The paper "Similarities Between Monopoly and Perfect Competition Market Structures" is a great example of a macro & microeconomics essay. Monopoly and perfect competition clearly represent the two extremes along a continuum of the market structures. At one extreme is the perfect competition that represents the ultimate efficiency achieved through an industry with extensive competition and without market control. On the other extreme is a monopoly which represents the ultimate inefficiency caused by the absolute lack of competition as well as extensive market control. This implies that in a monopoly market structure there is a single seller referred to as monopoly who controls the supply-side of a market.
In contrast, perfect competition is a market structure represented where each firm has completely no market control. As a result, no firm within the perfect competition can control the market price (Antony & Cline 2005). Similarities between Monopoly and Perfect competition market structures Although monopoly and perfect competition represent the extremes of market structures, several points of similarity exist. For instance, they all minimize cost and maximize profits, thus both have the same cost function. In addition, both monopoly and perfect competition have the same shutdown decisions and they are assumed to face the perfectly competitive issues of markets. One major assumption that economists make when they undertake a comparison between monopolies and perfectly competitive firms is that marginal cost incurred in production by a number of small firms is equivalent to a given marginal cost of production incurred by a single large firm, at the entire and potential levels of output.
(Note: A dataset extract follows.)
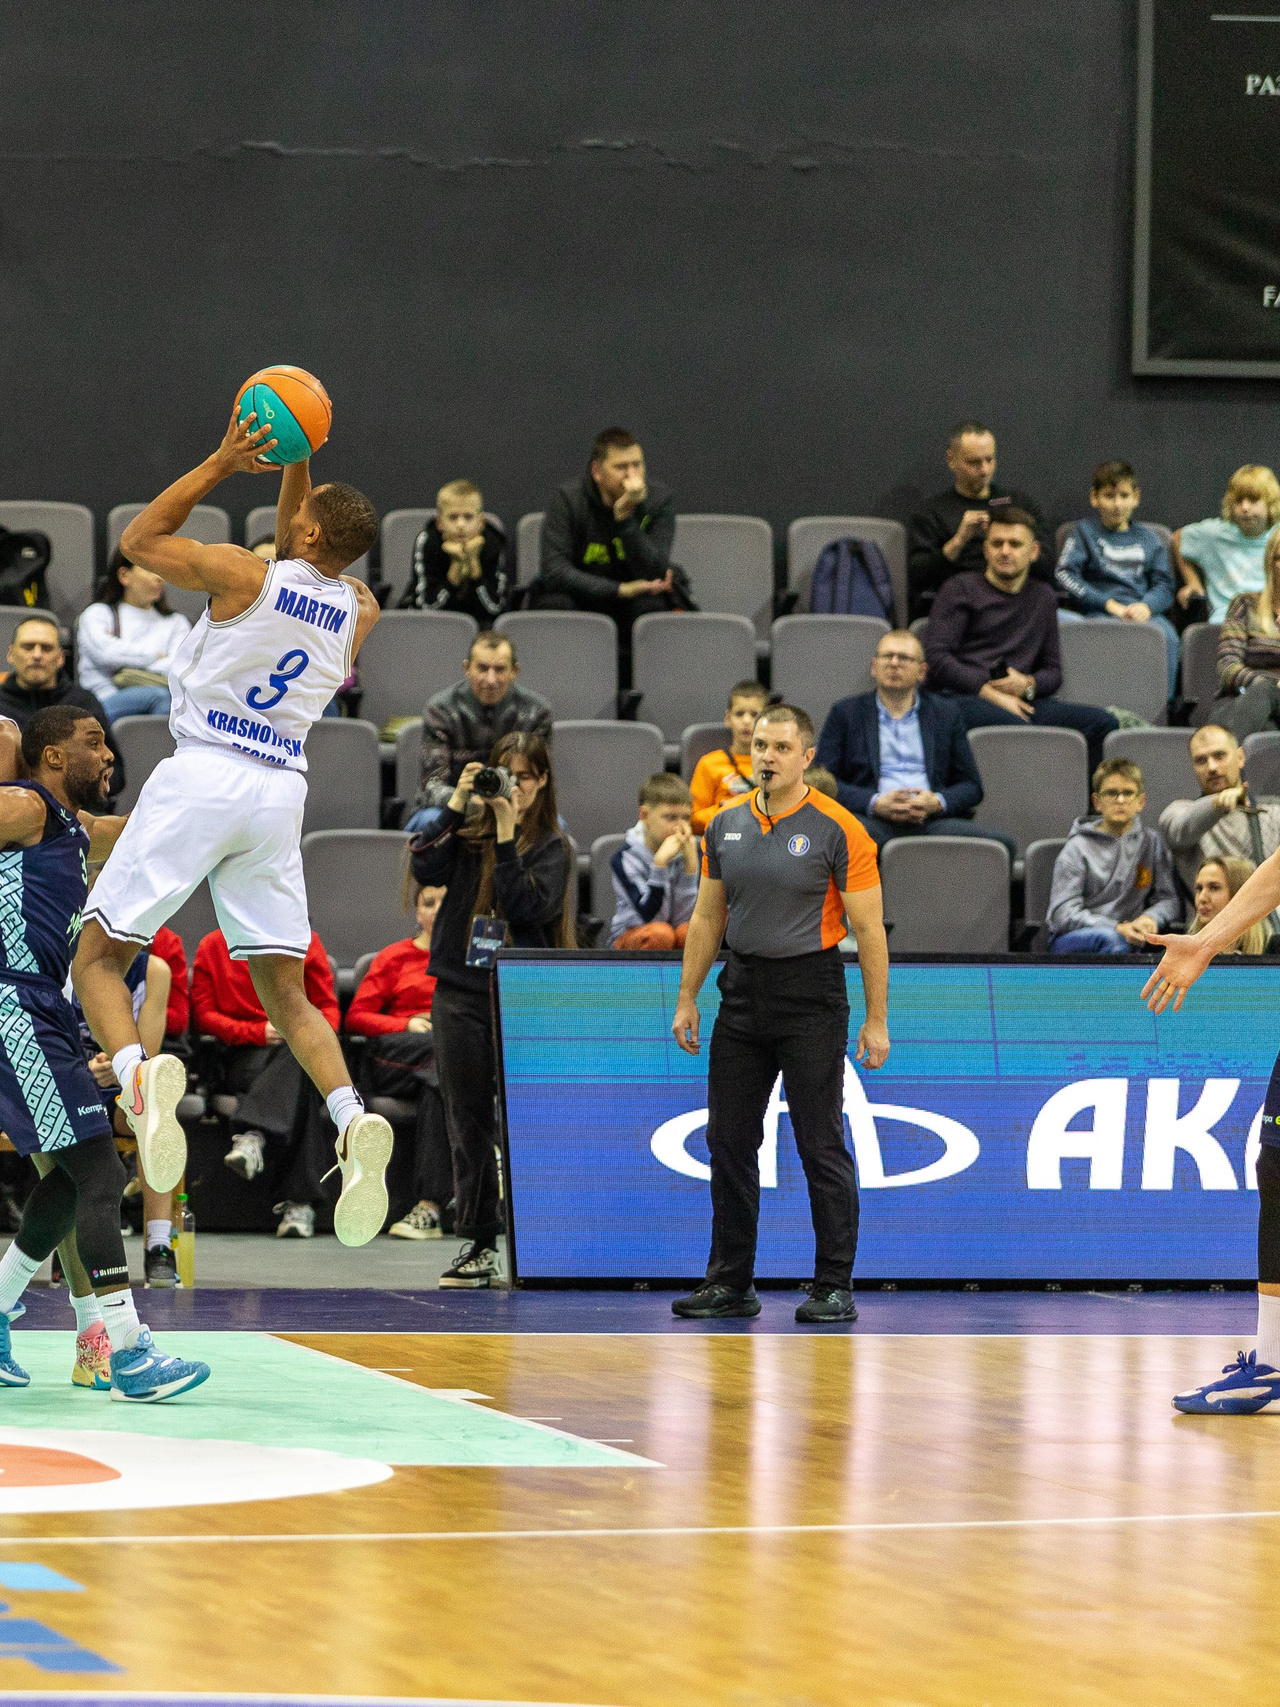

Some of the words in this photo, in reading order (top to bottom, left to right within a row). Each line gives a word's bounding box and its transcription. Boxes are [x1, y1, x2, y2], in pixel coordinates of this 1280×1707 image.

[273, 586, 348, 634] MARTIN
[245, 648, 310, 711] 3
[1026, 1077, 1266, 1191] AK
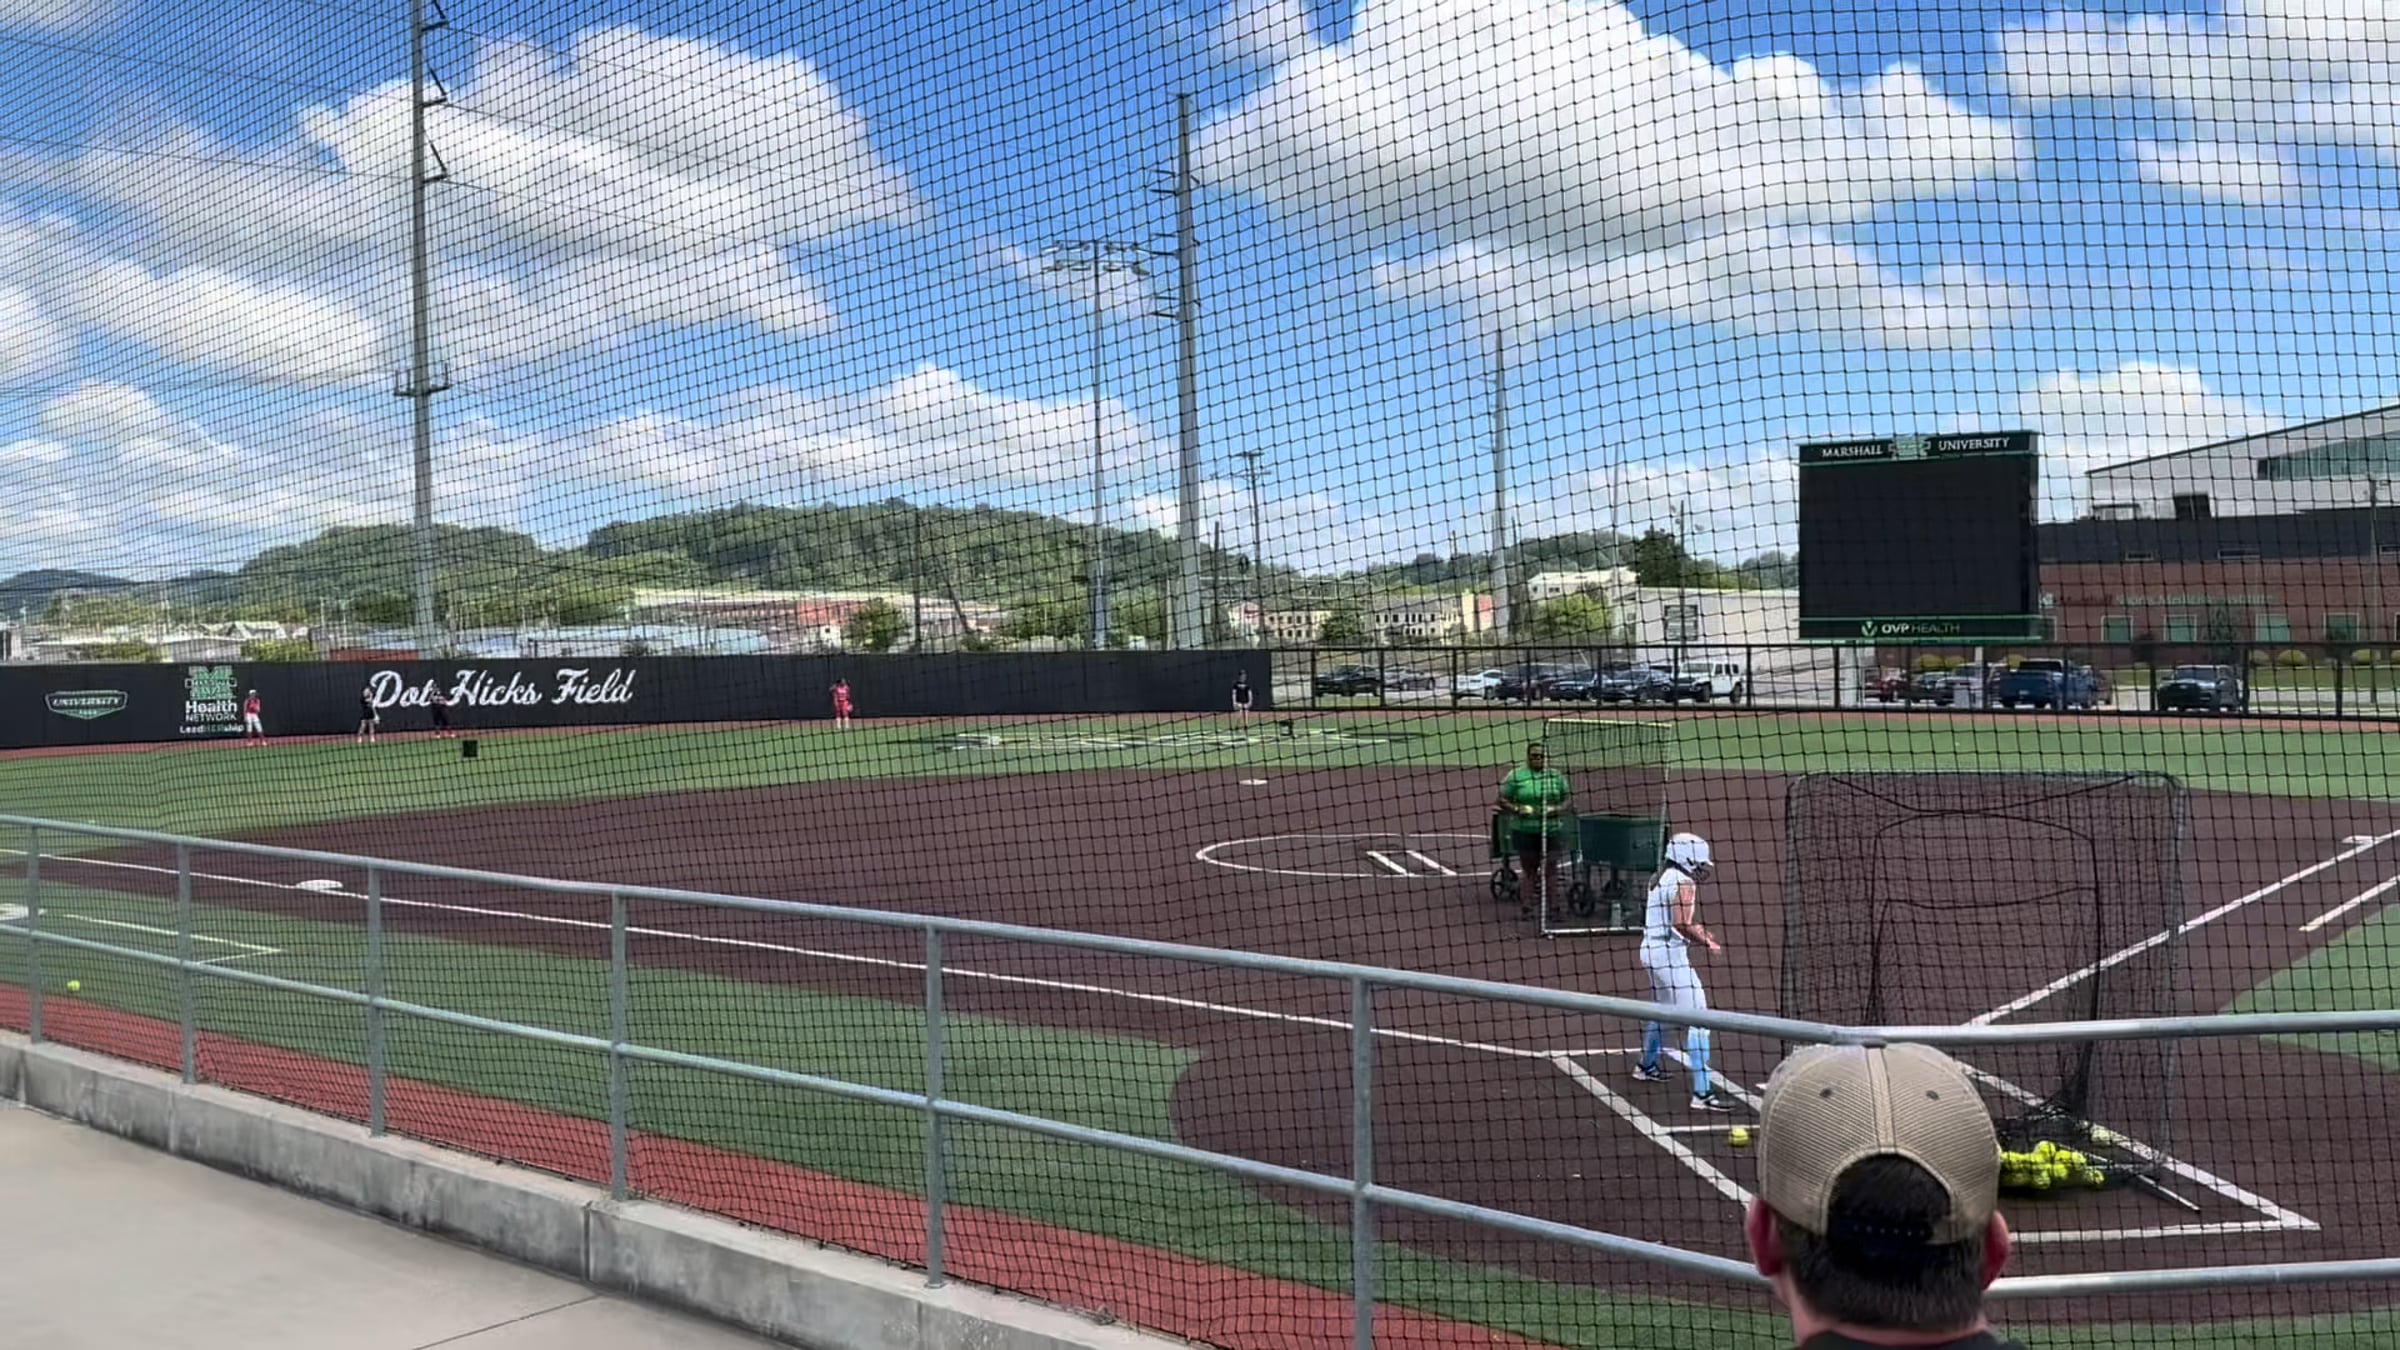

Such an assumption is basic because, without its application, it implies that the marginal cost curve to be illustrated for the monopolist could emerge to be totally different from all the curves which could be represented for a competitive industry.
Since they are different theoretically, it becomes impossible to consider that monopoly output will be less compared to the perfectly competitive output, thus the price for a monopoly will become higher.
Antony, D & Cline, T., 2005, A Consumer Behavior Approach to Modeling Monopolistic Competition, Journal of Economic Psychology, 26, 797–826.
Andreas, K., 2006, Comparison of the models of perfect competition and monopoly under special consideration of innovation, University of Bradford.
Das, S.P, 2007, Microeconomics for Business, Sage Publications, New Delhi.
Sloman, J & Sutcliffe, M, 2004, Economics for Business, Prentice Hall, New York.